Women Make the Difference
Not many realize that women produce 80% of sub-Saharan Africa’s food, and 60% of Asia’s. In many parts of Africa, children are increasingly dependent on women as more and more men are migrating to cities or, worse, succumbing to AIDS.

ICRISAT emphasizes technologies that especially benefit women, both to promote greater social equity and to accelerate agricultural development. The focus on women also cultivates the future, because they are the primary caretakers of the children who will shape it.

Women lead. One could hardly find a better example than Maria Kaherero. Maria became interested in the farmer-participatory varietal selection approach that led to the highly successful 1989 release of ‘Okashana 1’ millet in Namibia. She took seed back to her own farm and grew it to naturally cross with local landraces, producing a genetic mixture from which she began selecting types for her own needs. The Maria Kaherero Composite remains a prime gene pool used widely across southern Africa to this day - proven by comparative tests run recently against breeders’ own populations.

Women drive. Enthusiastic women farmers in Zimbabwe are pushing ICRISAT researchers to accelerate the transfer of new water conservation and crop management techniques. Mrs. Moyo of Tsholotsho is one of the prime movers in participatory natural resource management trials that ICRISAT began in recent years. She is especially interested in modified tied ridging to reduce runoff losses, along with other treatments.

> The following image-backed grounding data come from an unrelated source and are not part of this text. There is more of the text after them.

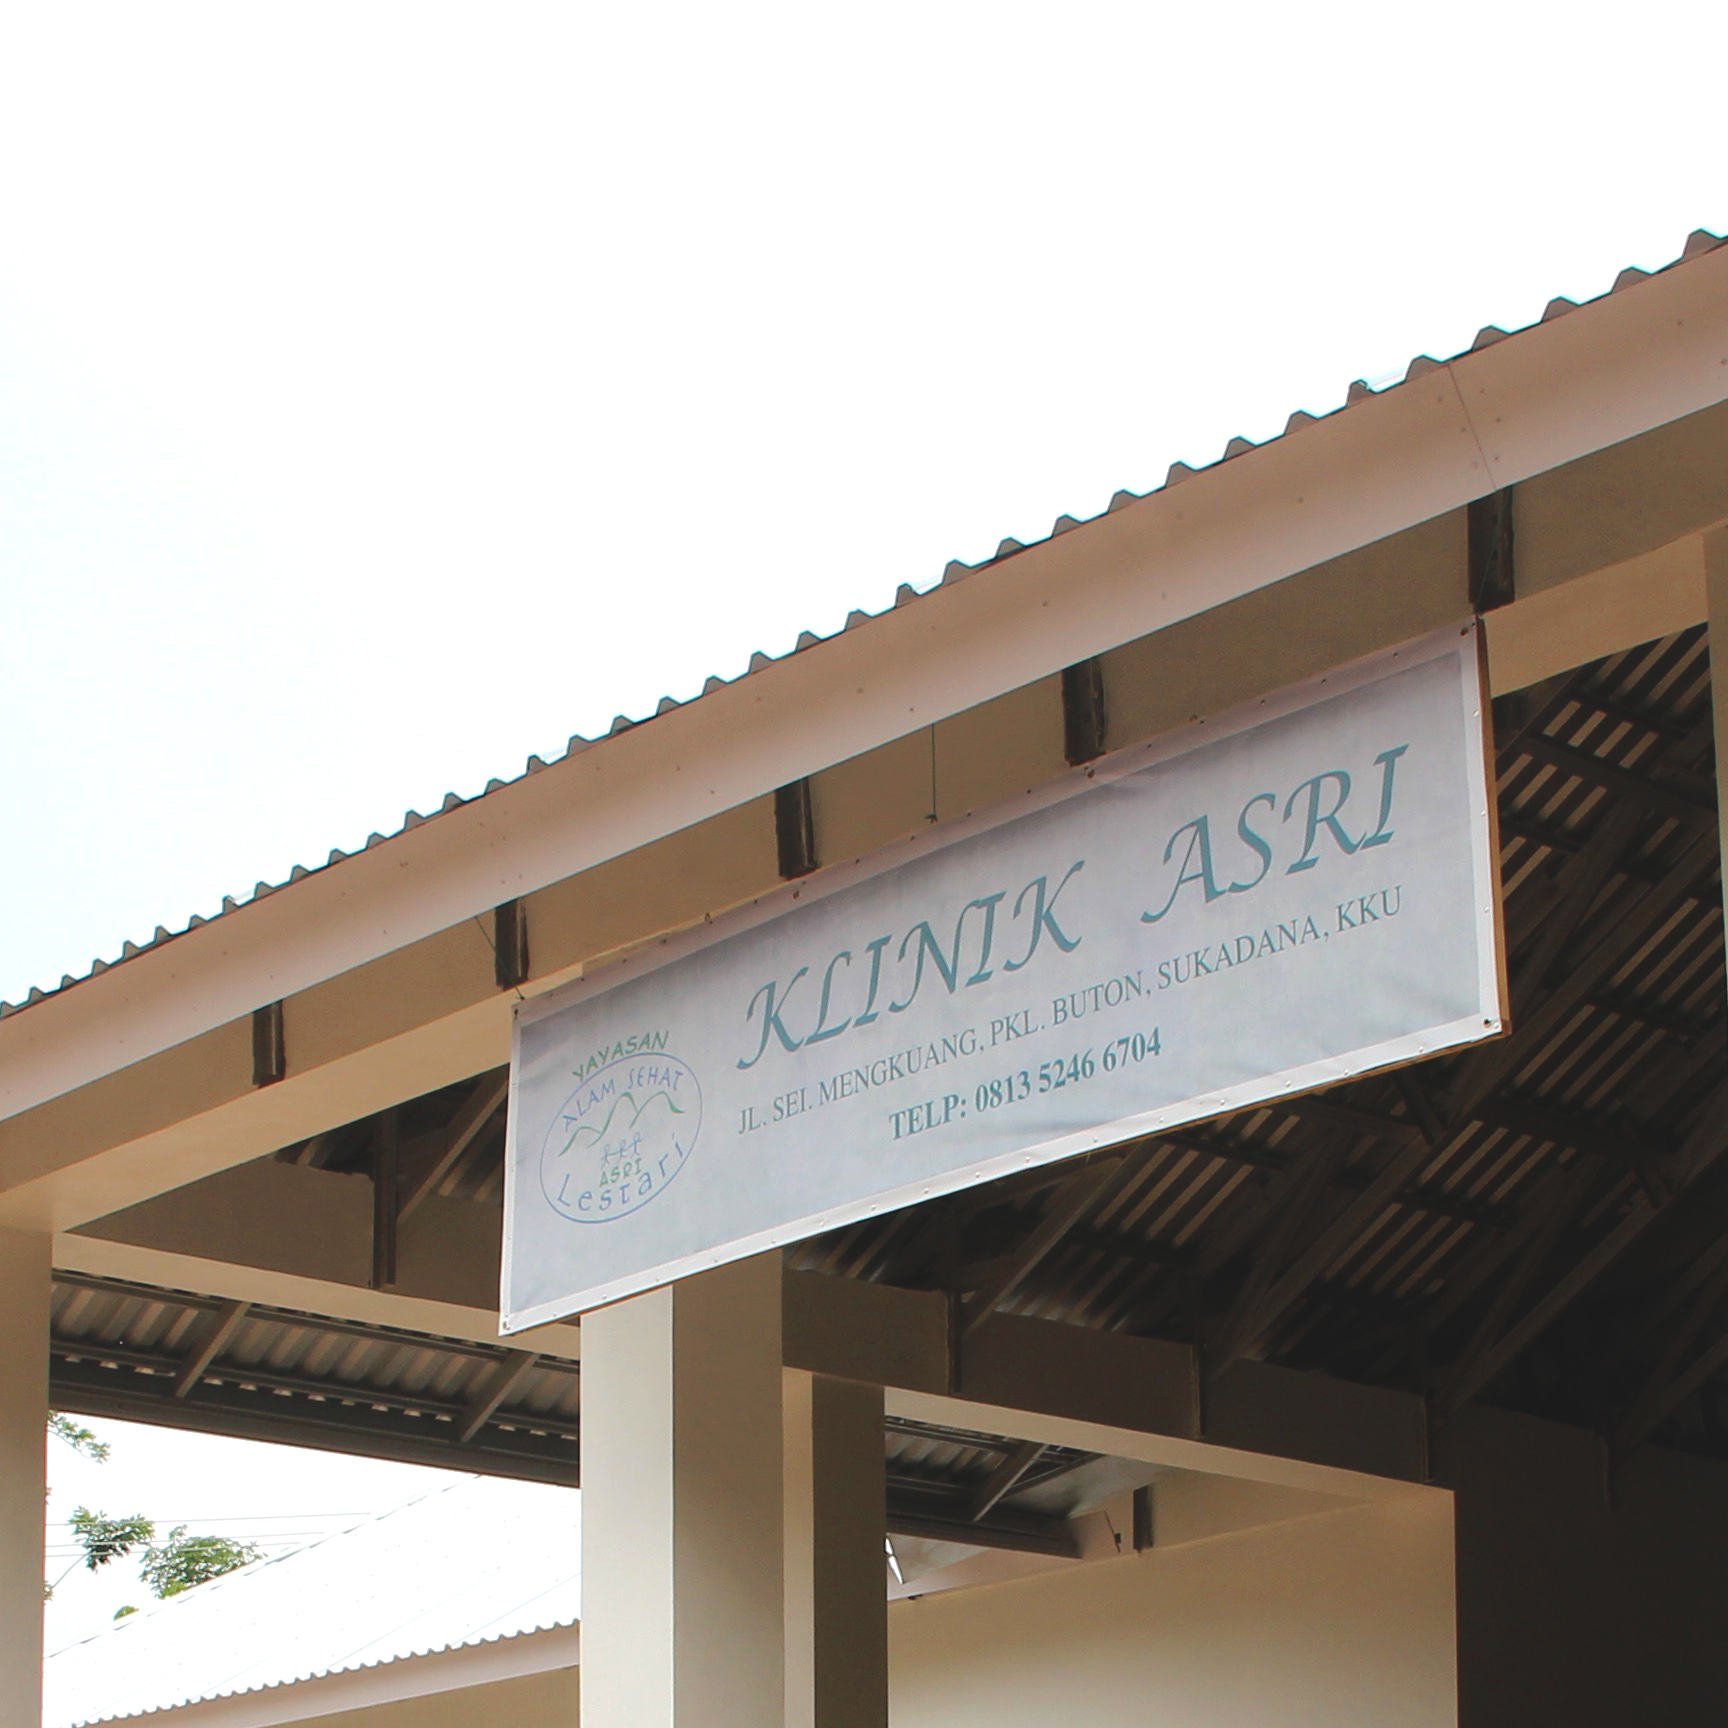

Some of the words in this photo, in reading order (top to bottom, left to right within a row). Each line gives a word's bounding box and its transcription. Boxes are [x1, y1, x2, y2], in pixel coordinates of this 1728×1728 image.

[736, 859, 1085, 1070] KLINIK
[1139, 742, 1410, 923] ASRI
[738, 1106, 767, 1135] JL.
[772, 1088, 813, 1122] SEI.
[819, 1028, 984, 1106] MENGKUANG,
[990, 1009, 1045, 1047] PKL.
[1051, 970, 1152, 1026] BUTON,
[1158, 915, 1329, 990] SUKADANA,
[1336, 884, 1403, 933] KKU
[572, 1030, 669, 1083] YAYASAN
[888, 1091, 967, 1140] TELP:
[975, 1070, 1031, 1113] 0813
[1038, 1047, 1095, 1094] 5246
[1101, 1026, 1163, 1074] 6704
[562, 1078, 617, 1133] ALAM
[628, 1066, 684, 1091] SEHAT
[557, 1132, 683, 1212] Lestari
[599, 1157, 643, 1188] ASRI

Women pioneer. Women farmers are also becoming pioneers as millet seed producers and marketers, helping to spread new varieties and overcome the sorghum and millet seed supply bottleneck in the country. ICRISAT is encouraging this effort together with Zimbabwe’s national research system, a nongovernmental organization (Commutech), and a private seed company (SeedCo), through special project support provided by USAID.

Women innovate. ICRISAT scientists have found that women’s associations such as the ‘Ivuso’ in Kenya’s drought-prone Makindu district are ready innovators - they experiment, share ideas, and put them to use. They are actively promoting improved varieties of pigeonpea after ICRISAT researchers showed them its potential as a food and cash crop.

Green pigeonpea seeds (harvested as a fresh vegetable before maturing) are a popular food in Kenya and beyond, and have become an important source of income for these women. Short-duration varieties like ICPL 87091 developed by KARI and ICRISAT mature early, reaching the market before the rest and fetching premium prices.

The women learned how to use the dry (mature) pigeonpea grain by milling it into the form of Indian dhal or split pea, during a visit to India facilitated by ICRISAT. They even carried back a traditional Indian grinding stone, or ‘chakki’, to copy for manufacture in Kenya.

Women care. It may seem an unlikely connection, but pigeonpea has helped the Ivusu women make a real difference in the lives of children orphaned by HIV/AIDS. They use it to help feed and fund an orphanage that they founded, the Children’s Center in Makindu, Kenya.

The orphanage has to survive on its own resources, so the receipts from sales of pigeonpea, especially the high-value green peas, have been vital in keeping it afloat. Furthermore, the women report that pigeonpea consumption (both green and dhal) has markedly improved the children’s health.

It is clear that pigeonpea is more than just nutrition; in Makindu, it fuels hope. And hope is the fire that feeds the Grey to Green Revolution.